↓

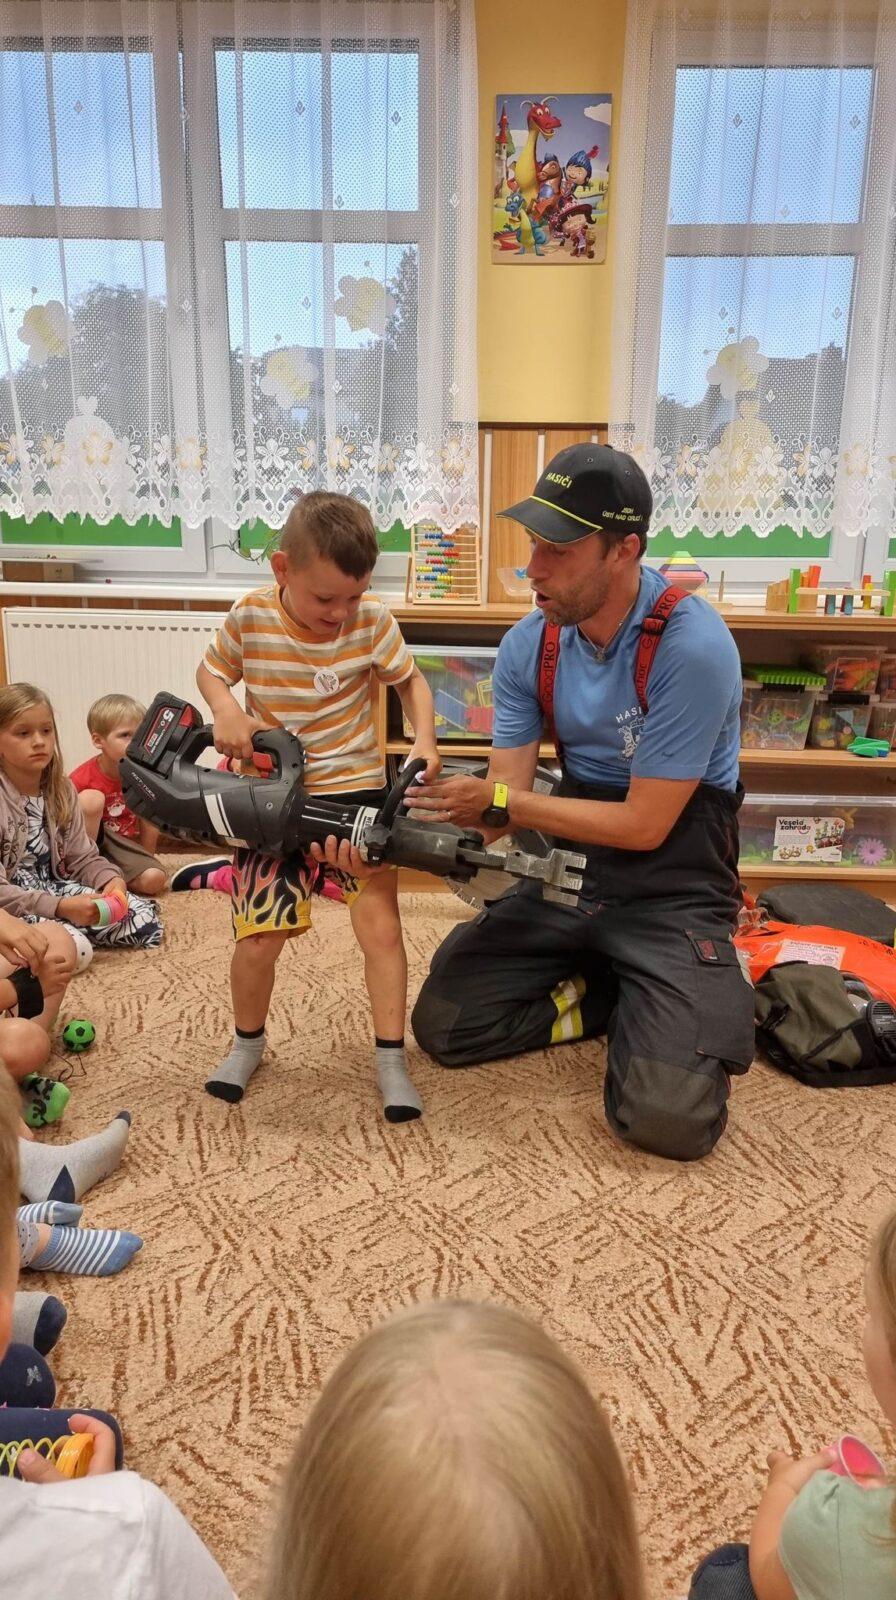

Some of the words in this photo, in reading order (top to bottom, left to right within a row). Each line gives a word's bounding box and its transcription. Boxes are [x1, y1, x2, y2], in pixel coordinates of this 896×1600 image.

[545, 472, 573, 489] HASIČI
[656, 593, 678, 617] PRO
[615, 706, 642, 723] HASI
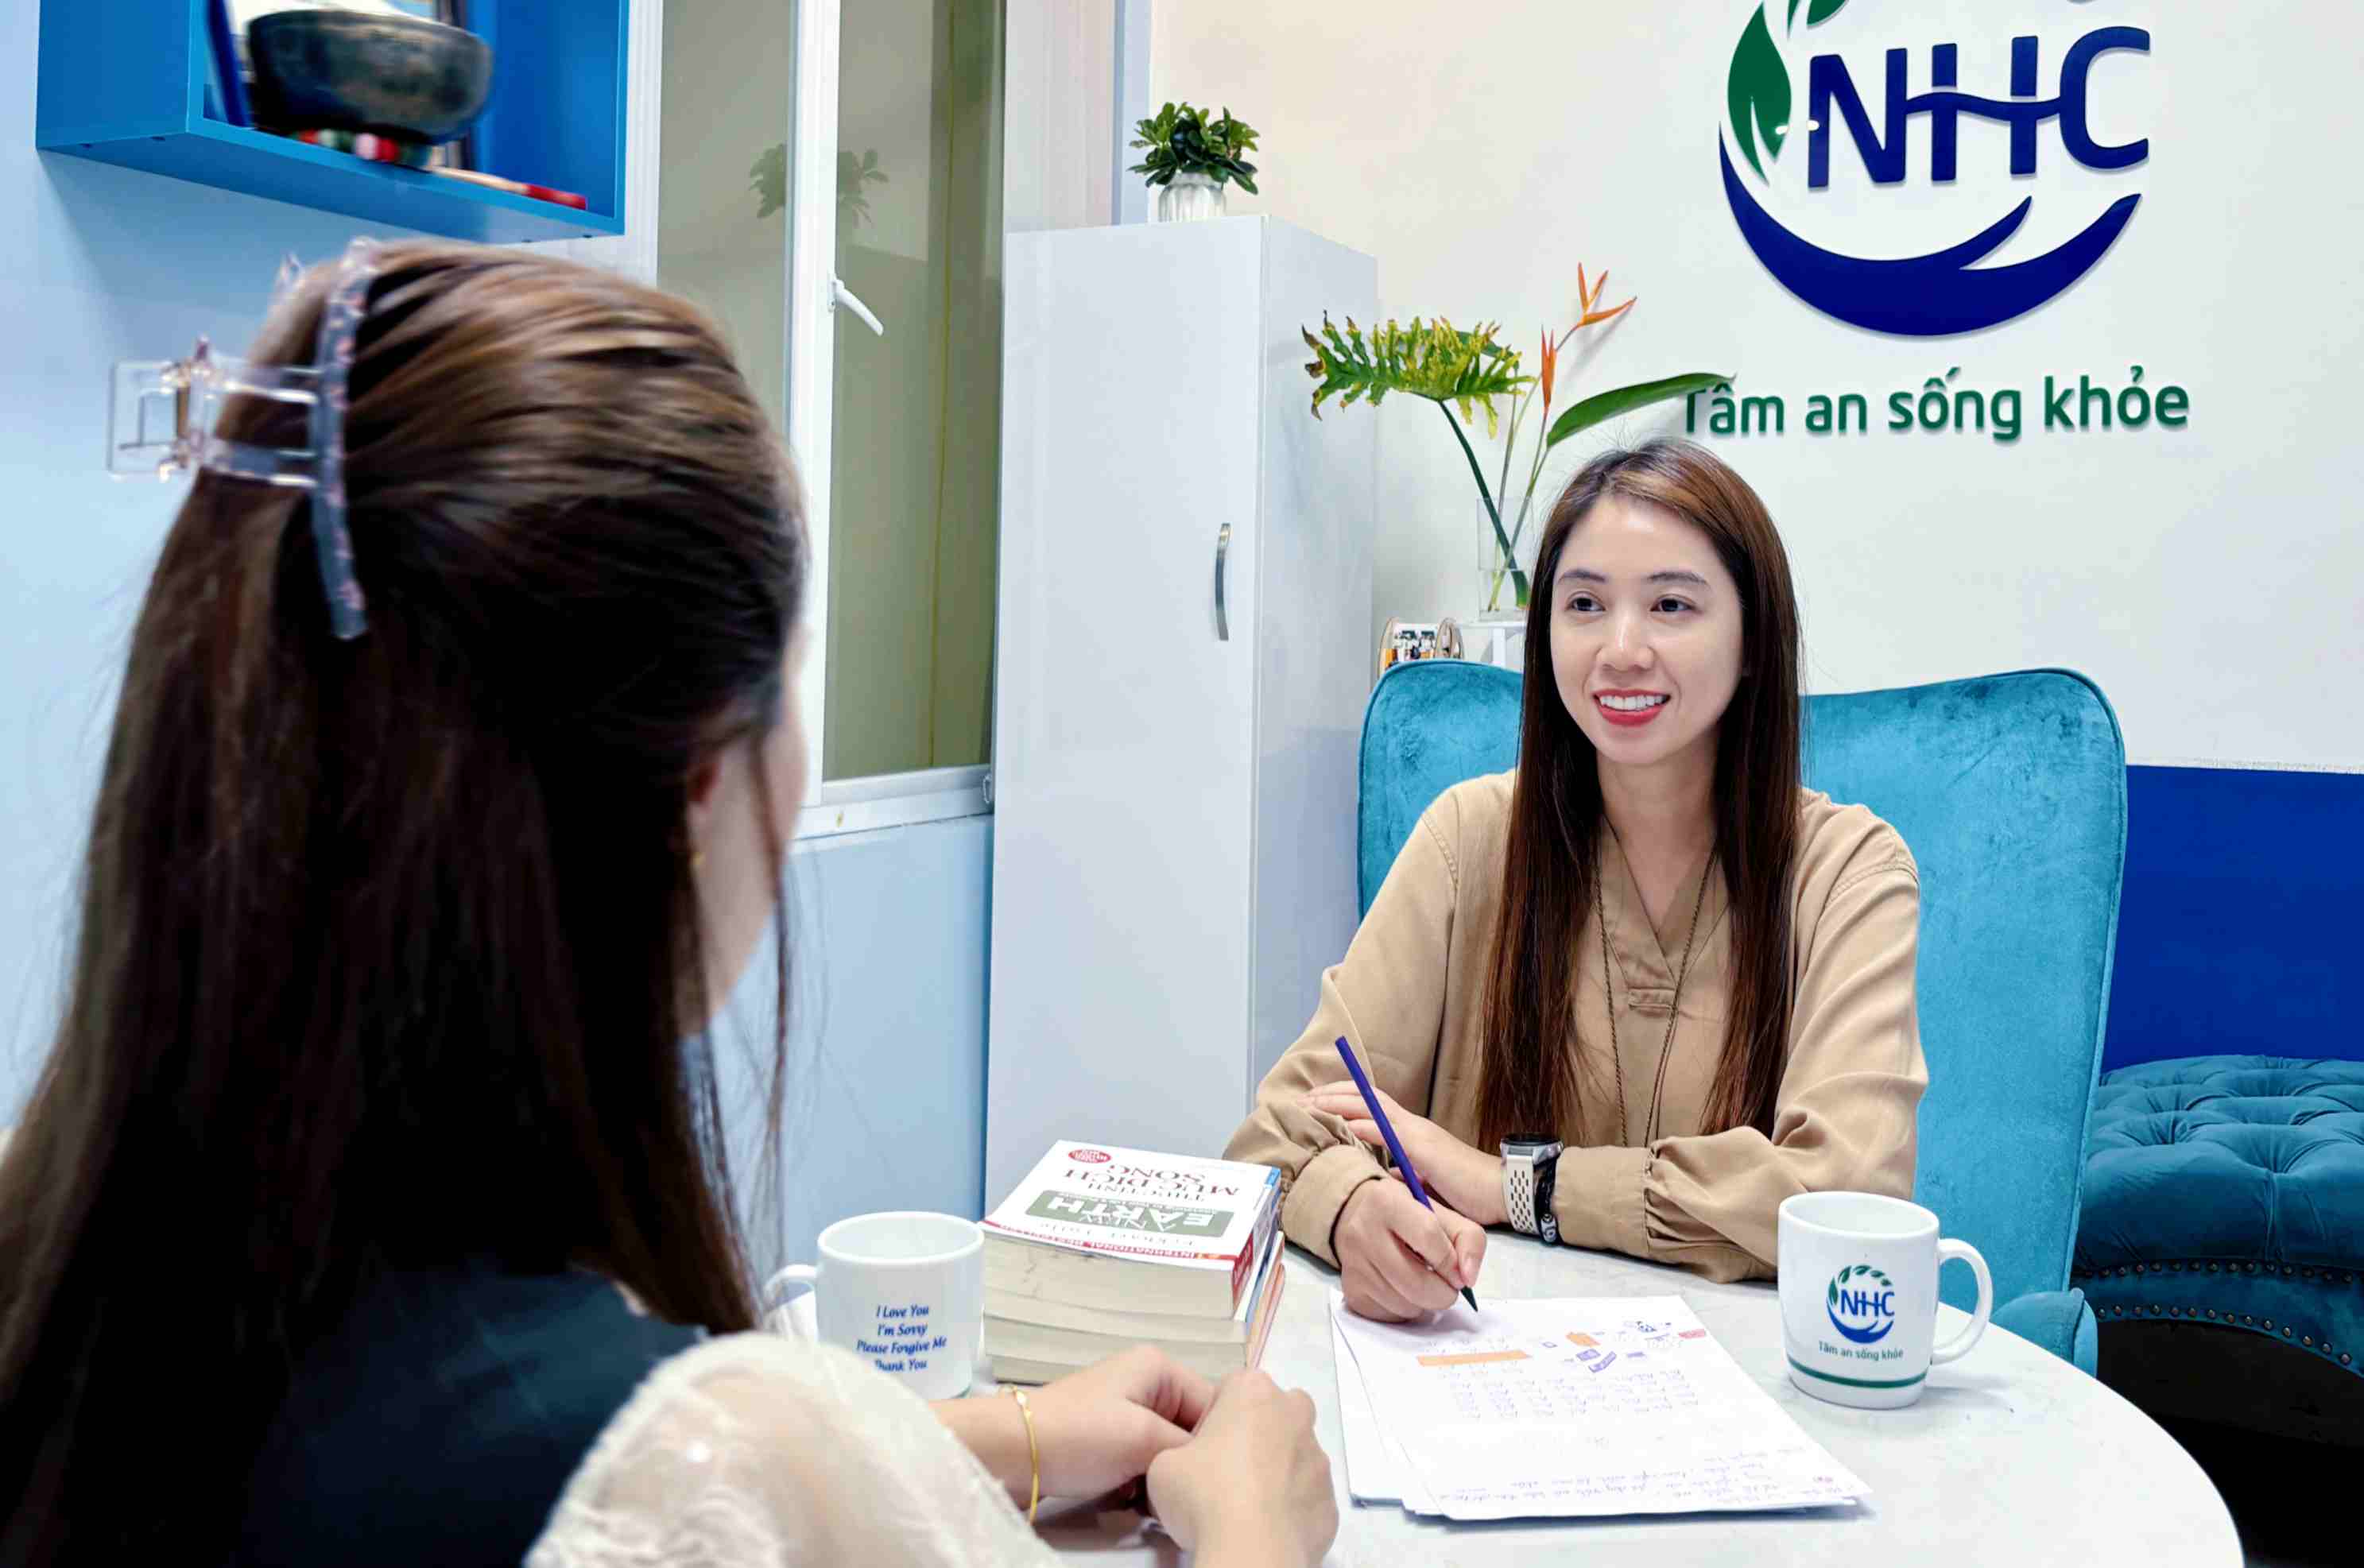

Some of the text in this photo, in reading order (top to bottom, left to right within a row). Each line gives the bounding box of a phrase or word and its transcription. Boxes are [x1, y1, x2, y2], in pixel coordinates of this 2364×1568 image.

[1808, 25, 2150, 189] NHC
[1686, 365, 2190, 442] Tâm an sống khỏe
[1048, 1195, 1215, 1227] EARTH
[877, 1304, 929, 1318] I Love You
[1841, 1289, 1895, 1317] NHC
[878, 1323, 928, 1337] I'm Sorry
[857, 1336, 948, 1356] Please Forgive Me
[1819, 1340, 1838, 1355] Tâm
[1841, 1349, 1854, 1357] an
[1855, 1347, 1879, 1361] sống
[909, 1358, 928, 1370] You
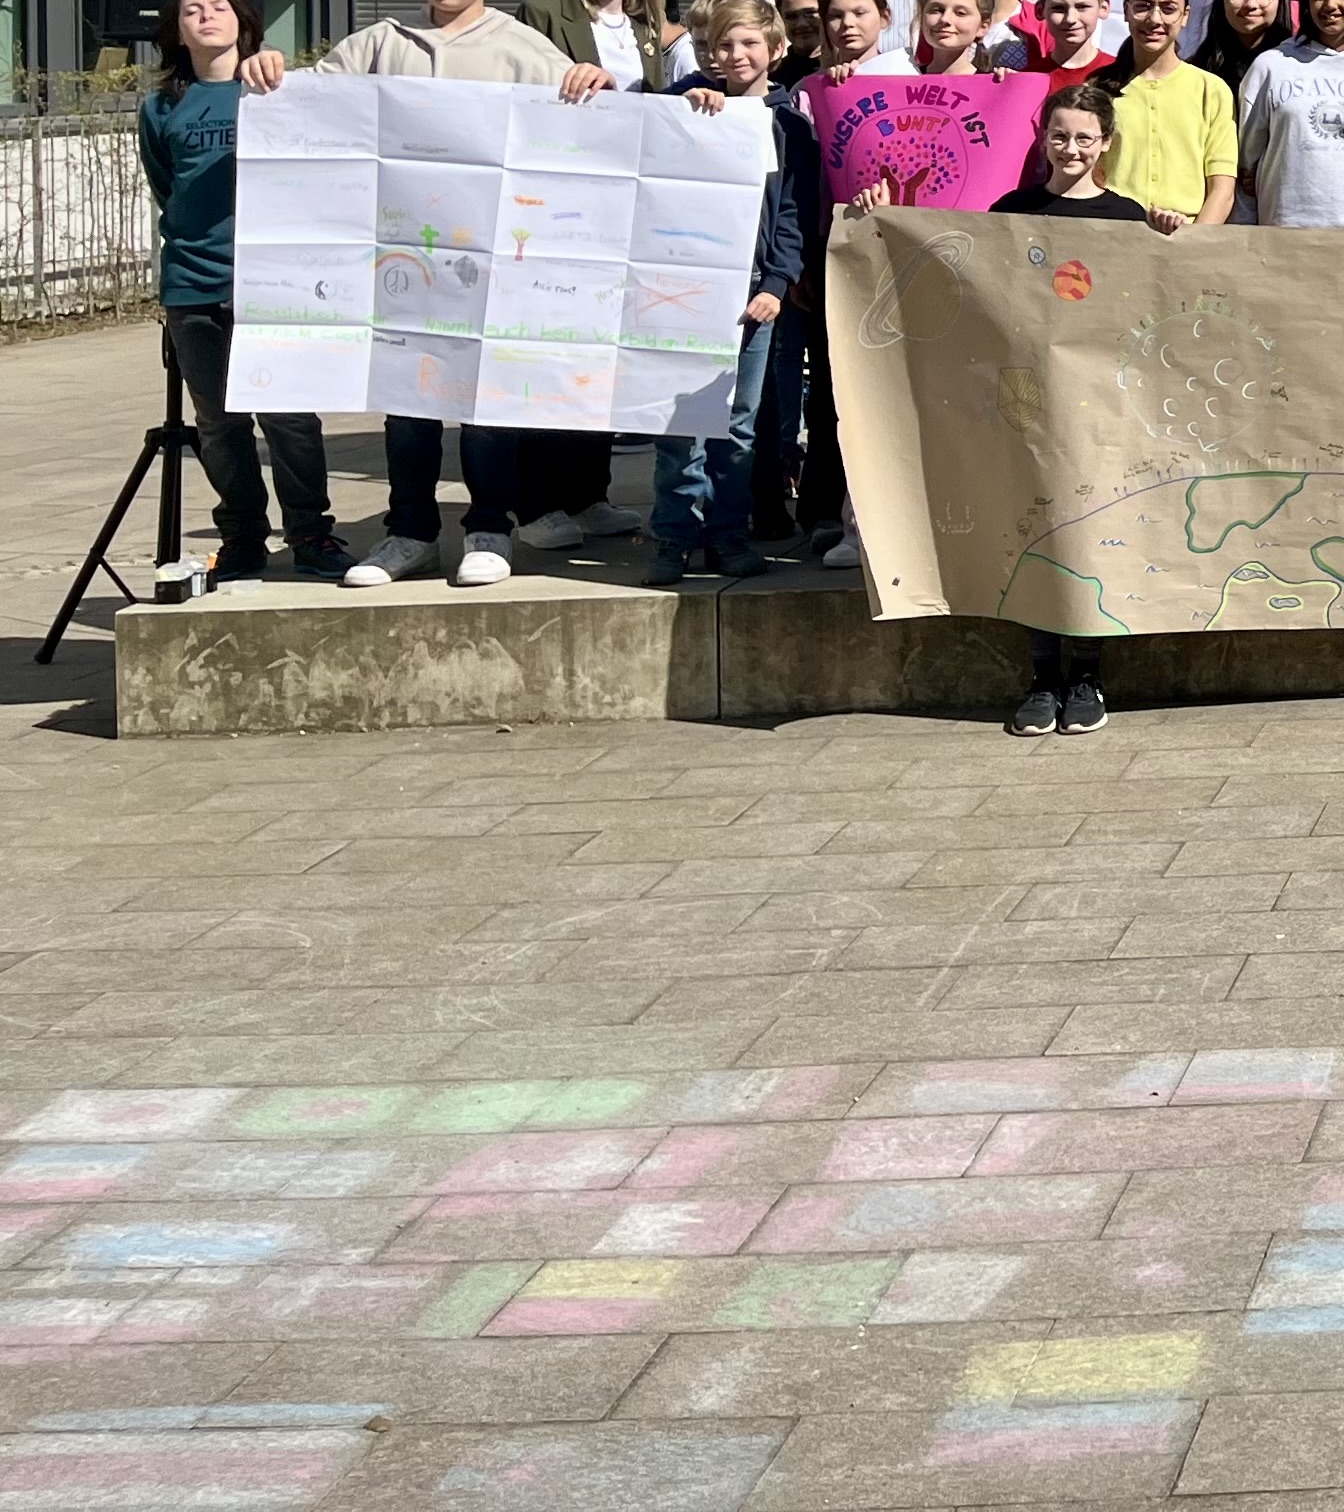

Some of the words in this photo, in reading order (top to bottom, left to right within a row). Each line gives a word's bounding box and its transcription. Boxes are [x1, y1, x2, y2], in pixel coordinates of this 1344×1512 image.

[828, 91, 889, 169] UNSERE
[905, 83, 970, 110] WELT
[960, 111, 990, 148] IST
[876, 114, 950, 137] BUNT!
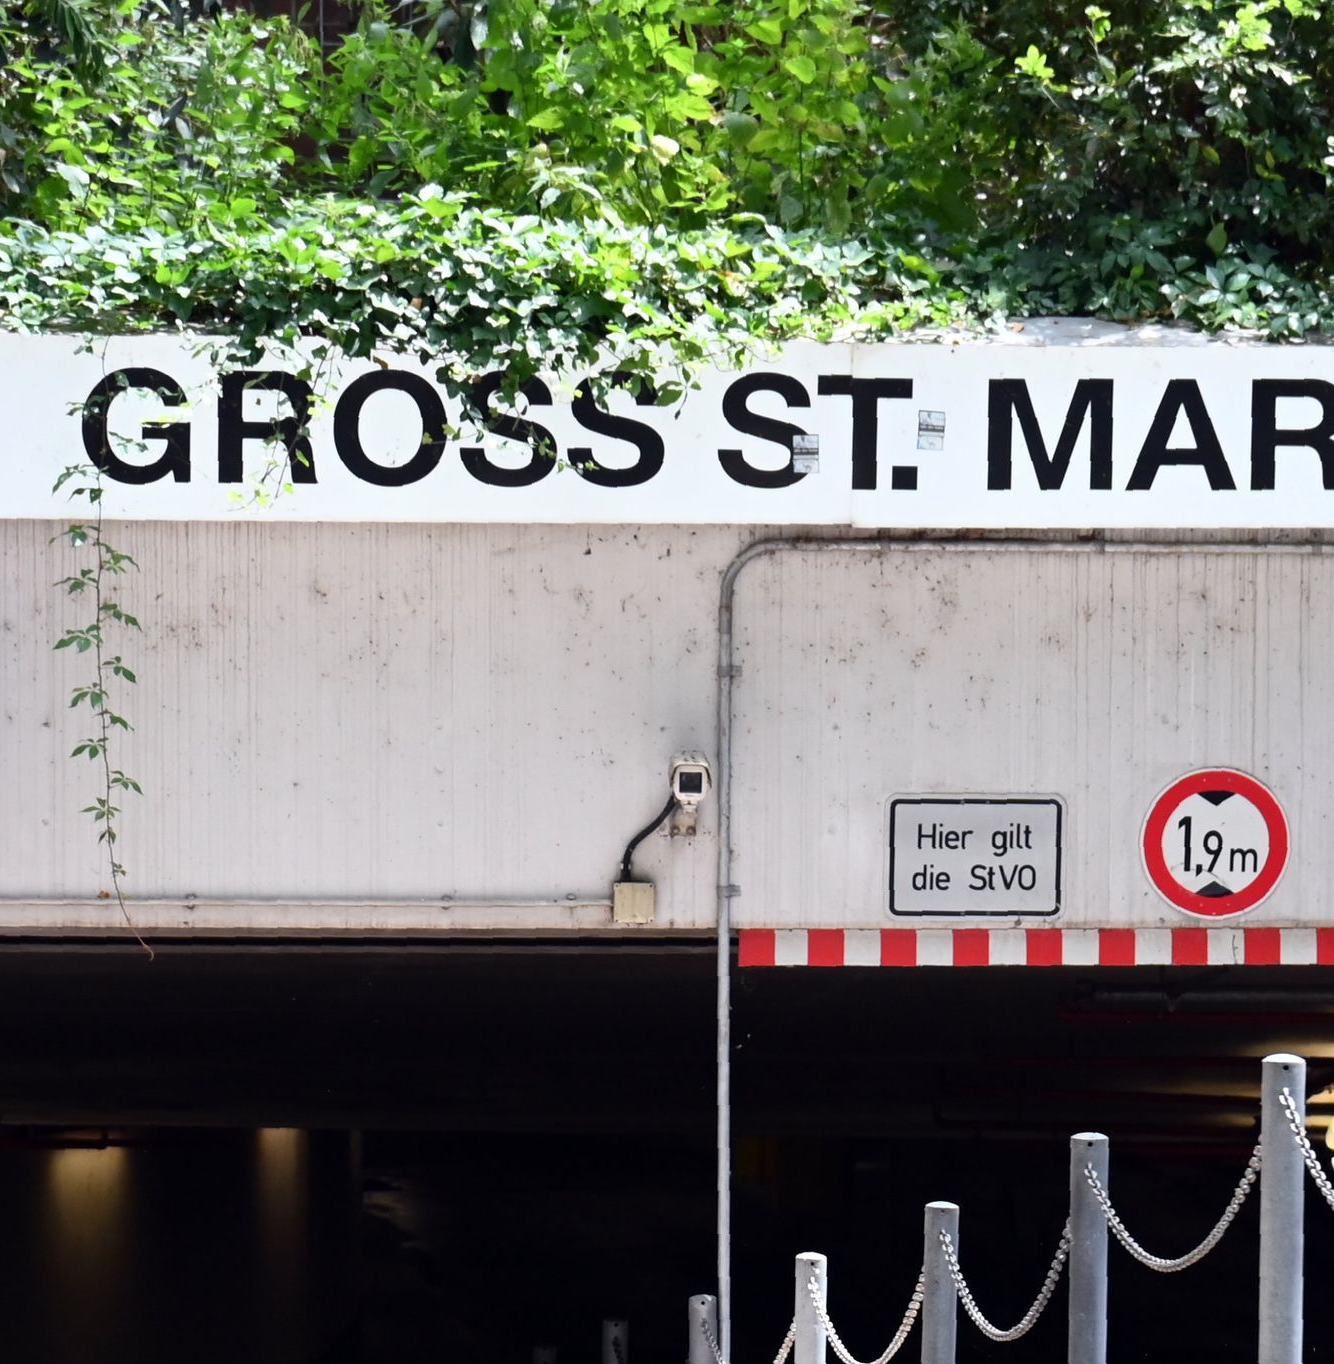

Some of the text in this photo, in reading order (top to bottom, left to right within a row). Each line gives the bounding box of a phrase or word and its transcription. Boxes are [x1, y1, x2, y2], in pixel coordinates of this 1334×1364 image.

↑

» **Problem**:
Retype the material above exactly, images excluded.

» **Response for this exercise**:
Some of the words in this photo, in reading order (top to bottom, left to right within a row). Each line gives a word's bounding box and its transcription. Boxes are [x1, y1, x2, y2], in pixel coordinates of this 896×1600 image.

[545, 472, 573, 489] HASIČI
[656, 593, 678, 617] PRO
[615, 706, 642, 723] HASI

Some of the text in this photo, in reading order (top to bottom, left to right within a row). Each line gives the bounding box of a phrase or word and its transcription. Boxes are [x1, y1, x2, y2], in pixel coordinates of this 2364×1568 image.

[1808, 25, 2150, 189] NHC
[1686, 365, 2190, 442] Tâm an sống khỏe
[1048, 1195, 1215, 1227] EARTH
[877, 1304, 929, 1318] I Love You
[1841, 1289, 1895, 1317] NHC
[878, 1323, 928, 1337] I'm Sorry
[857, 1336, 948, 1356] Please Forgive Me
[1819, 1340, 1838, 1355] Tâm
[1841, 1349, 1854, 1357] an
[1855, 1347, 1879, 1361] sống
[909, 1358, 928, 1370] You

Some of the words in this photo, in reading order (top to bottom, left to right within a row). Each line gives a word's bounding box and its transcription. Boxes are [x1, y1, x2, y2], in pixel coordinates of this 1344×1512 image.

[828, 91, 889, 169] UNSERE
[905, 83, 970, 110] WELT
[960, 111, 990, 148] IST
[876, 114, 950, 137] BUNT!

Some of the text in this photo, in reading order (top to bottom, left to right within a row). Each line gives the bounding box of a phrase or word and its transcription. Boxes are [x1, y1, x2, y2], in pixel coordinates of this 1334×1364 image.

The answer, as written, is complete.